What the task requires | Apart from the images, repeat the data below exactly as written.
----
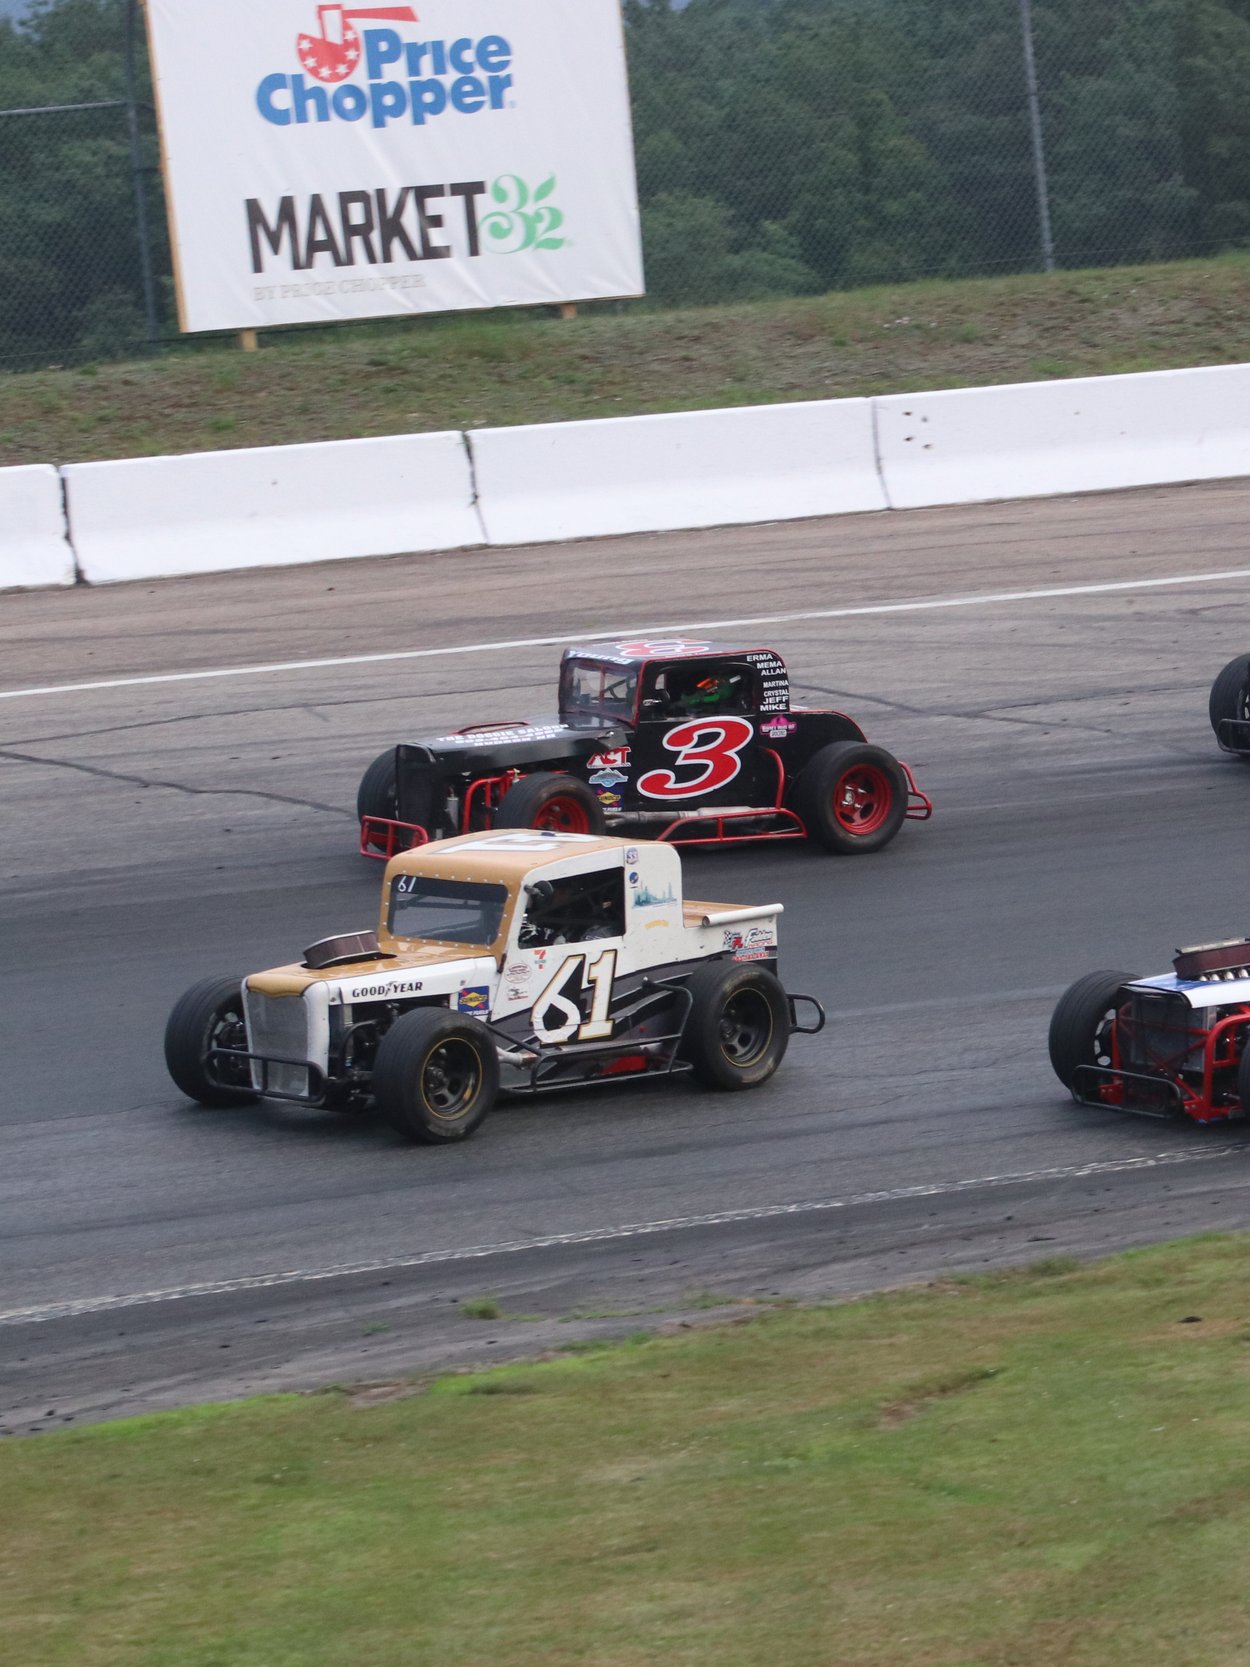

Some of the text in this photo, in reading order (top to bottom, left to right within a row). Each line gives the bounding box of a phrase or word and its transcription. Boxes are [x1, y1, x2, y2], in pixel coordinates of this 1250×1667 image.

[363, 28, 512, 80] Price
[255, 72, 513, 128] Chopper
[245, 173, 567, 274] MARKET 32
[567, 650, 635, 665] Young
[746, 654, 773, 662] ERMA
[757, 661, 783, 669] MEMA
[761, 668, 786, 676] ALLAN
[763, 680, 789, 688] MARTINA
[763, 689, 790, 697] CRYSTAL
[763, 696, 789, 704] JEFF
[760, 703, 787, 711] MIKE
[637, 714, 754, 800] 3
[397, 875, 417, 893] 61
[530, 948, 618, 1047] 61
----
Output for this exercise |
Some of the text in this photo, in reading order (top to bottom, left to right within a row). Each line gives the bounding box of a phrase or word and its transcription. Boxes are [x1, y1, x2, y2], in pixel coordinates of this 1250×1667 image.

[363, 28, 512, 80] Price
[255, 72, 513, 128] Chopper
[245, 173, 567, 274] MARKET 32
[567, 650, 635, 665] Young
[746, 654, 773, 662] ERMA
[757, 661, 783, 669] MEMA
[761, 668, 786, 676] ALLAN
[763, 680, 789, 688] MARTINA
[763, 689, 790, 697] CRYSTAL
[763, 696, 789, 704] JEFF
[760, 703, 787, 711] MIKE
[637, 714, 754, 800] 3
[397, 875, 417, 893] 61
[530, 948, 618, 1047] 61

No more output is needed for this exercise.